Over the next three years, the Marcellus Shale region can expect to see about 17 pipeline projects meant to ship about 17.3 billion cubic feet per day of natural gas out of Pennsylvania, West Virginia and Ohio to end-users, according to IHS Energy.
Those destinations “are varied, and in addition to New England, some are targeting the Midwest, eastern Canada and the South,” said Matthew Piatek, associate director of North American natural gas for IHS, which tracks energy markets.
“Given the amount of production in the tri-state area currently, it will be able to satisfy the lion’s share of Mid-Atlantic and New England demand and still export a net amount of natural gas,” Mr. Paitek said.
The new infrastructure is in high demand. As natural gas production ramped up in the Marcellus and Utica regions, the existing pipeline network to take that fuel from well sites to market has been maxed out.
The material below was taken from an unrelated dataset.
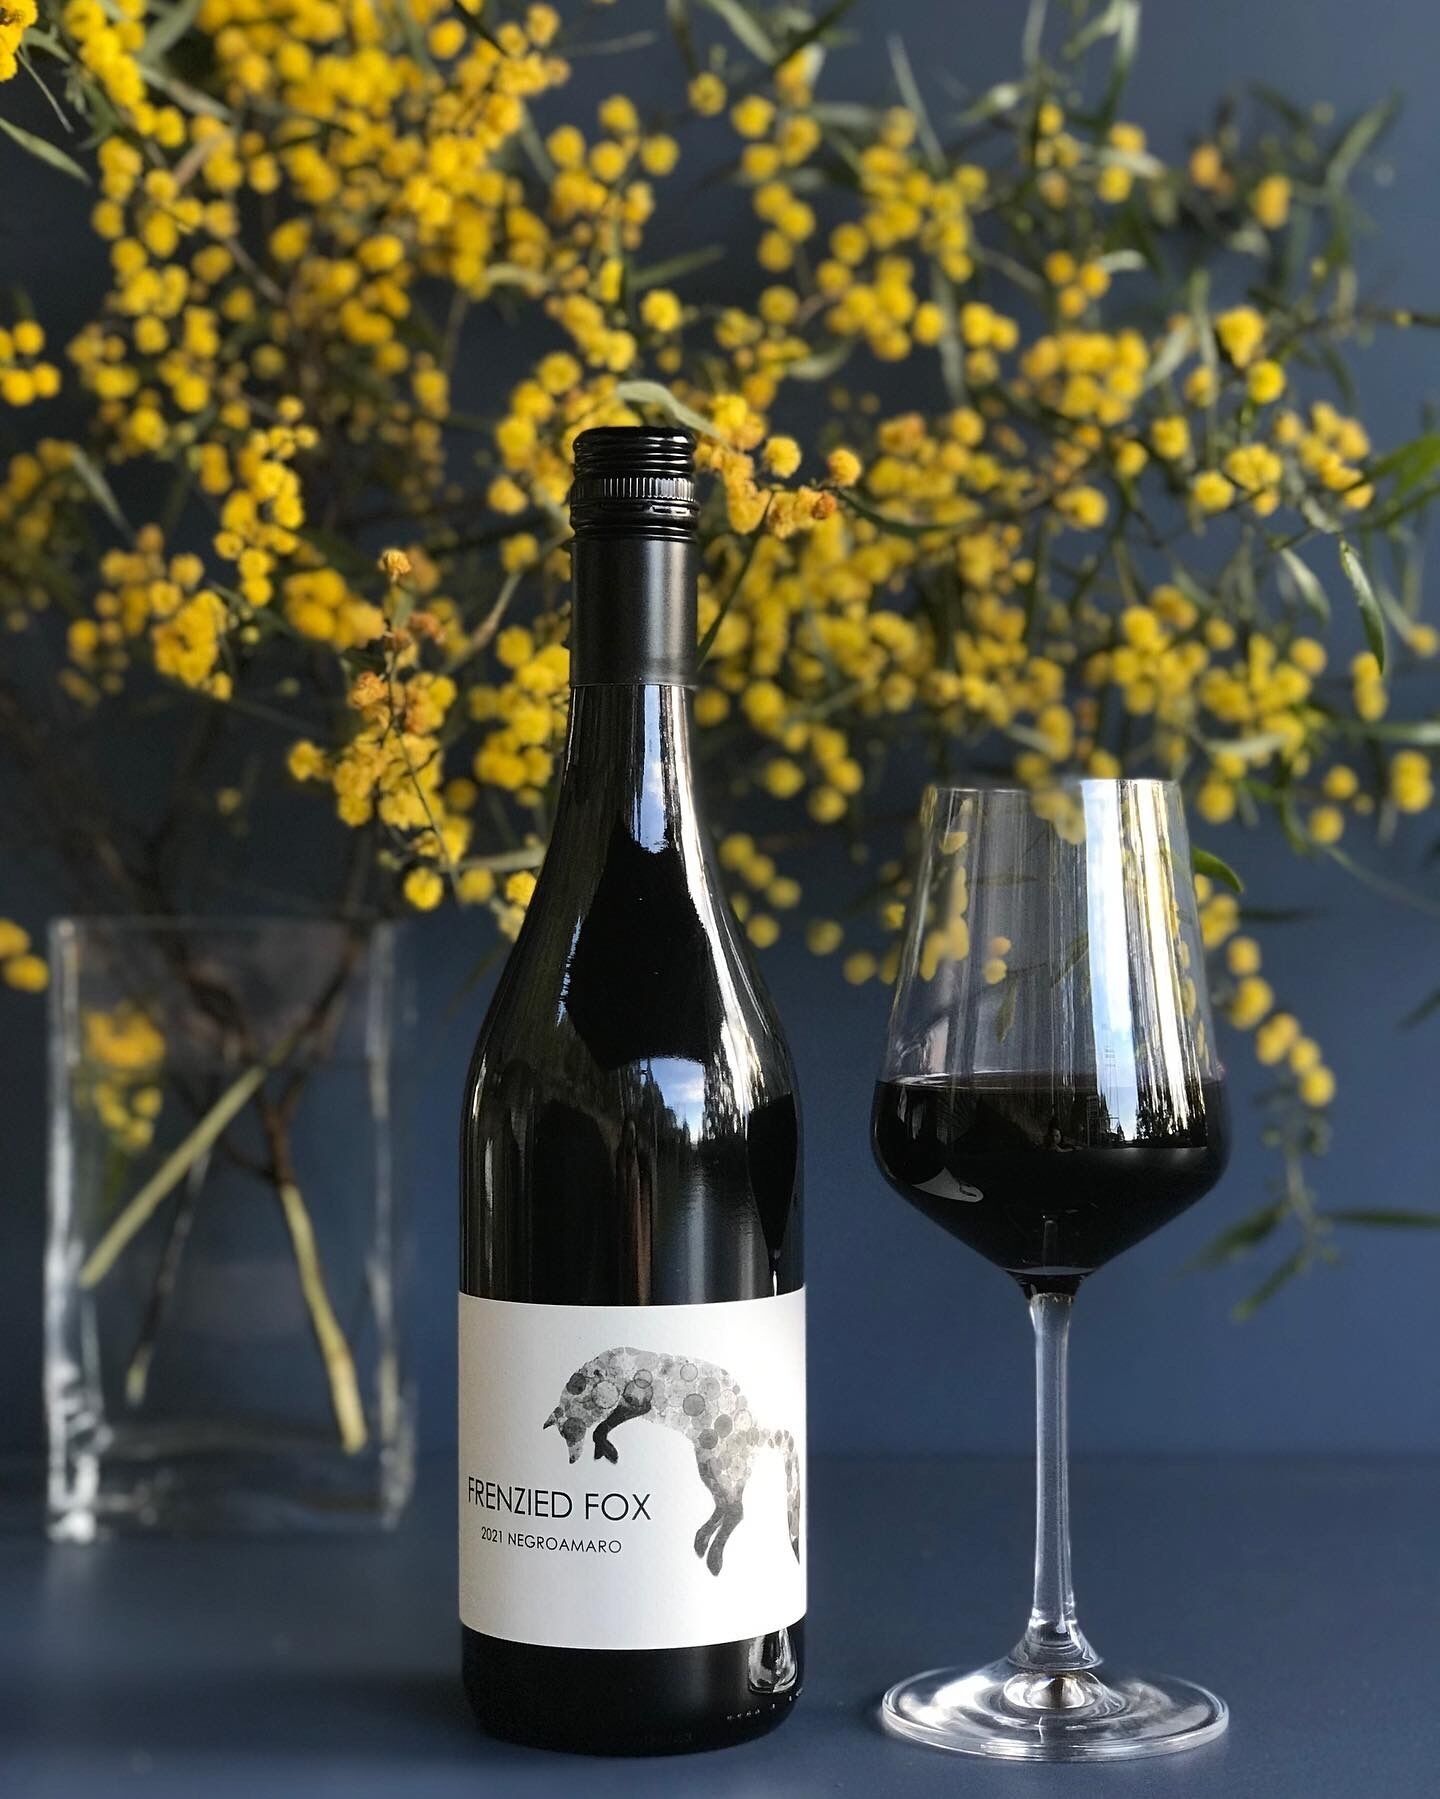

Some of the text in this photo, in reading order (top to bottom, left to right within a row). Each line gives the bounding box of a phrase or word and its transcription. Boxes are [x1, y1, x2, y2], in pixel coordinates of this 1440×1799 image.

[468, 1476, 652, 1521] FRENZIED FOX
[481, 1526, 622, 1554] 2021 NEGROAMARO
That has led to a supply glut and to depressed natural gas prices in Pennsylvania, even as neighboring New England and New York weathered dramatic natural gas price spikes during high-demand winter months.
“There will be significant relief with the buildout happening this year,” said Lindsay Schneider, principal analyst with Wood Mackenzie’s natural gas team.
Still, next summer could look a bit different from this one as low natural gas prices prompt drillers to pull back production, Ms. Schneider noted. Between 2014 and 2015, Wood Mackenzie estimates supply growth of about 2.1 billion cubic feet per day (Bcf/d) from the Marcellus. In 2015-2016, that is expected to fall to about 1.8 Bcf/d.
But even with a slowdown, production is expected to grow, Ms. Schneider said.
“The supply growth will have to catch up with pipeline capacity later this decade,” she said. “That’s very different than now, where exit capacity has to catch up with supply.”
Waves of pipeline projects
Since the early days of Marcellus production — Range Resources was the first to begin producing natural gas from the shale formation in 2005 — pipeline projects have evolved.
One change is in who is driving demand for more pipelines. Now, more end-users are signing up to get the gas, rather than drillers pushing for the projects, said Mr. Piatek.
“That’s been one of the areas we expect to see major growth in demand, particularly for LNG exports from the Atlantic and Gulf Coast areas, new gas-fired generation in the Southeast, as well as an appetite for [local distribution companies] through the Midwest,” Mr. Piatek said.
Traditionally, natural gas pipelines have flowed from historic production areas in the south to the northern states.
When the Marcellus entered the picture, one of the first phases of pipeline expansions was improving access to those interstate pipelines, Mr. Piatek noted.
Those were relatively small-scale, less capital intensive projects — including adding compression to allow more gas to flow through the steel or modifying existing pipelines. Then came projects to reverse the flow of pipelines as Pennsylvania natural gas drilling outpaced that of other parts of the country.
One such project was the 1,698-mile, 1.8-Bcf/d Rockies Express Pipeline, which was built to take natural gas from Colorado and Wyoming to eastern Ohio in 2009. In 2014, the pipeline was reversed to also allow gas from the Appalachian Basin to reach Midwest markets.
“The flavor of the year last year was the year of the turnaround — to reverse the flow of the pipeline,” Mihoko Manabe, senior vice president at Moody’s Investor Services, said. “But those projects were still of the brownfield variety.”
Now, more greenfield projects are in the works. Moody’s expects the wave of construction to crest around 2017-2018, with “the huge, billion dollar projects,” Ms. Manabe said.
“This is a once-in-a-lifetime construction cycle,” she said. “Once the infrastructure is built, the activity will die down. That’s why there is so much frenetic activity in pipeline development.
“If you don’t seize the moment now, a competing pipeline will build the way out.”
The scale is significant in terms of the country’s natural gas infrastructure, she added.
“The Marcellus is re-plumbing the gas flows of the eastern half of the U.S. in a big way,” Ms. Manabe said.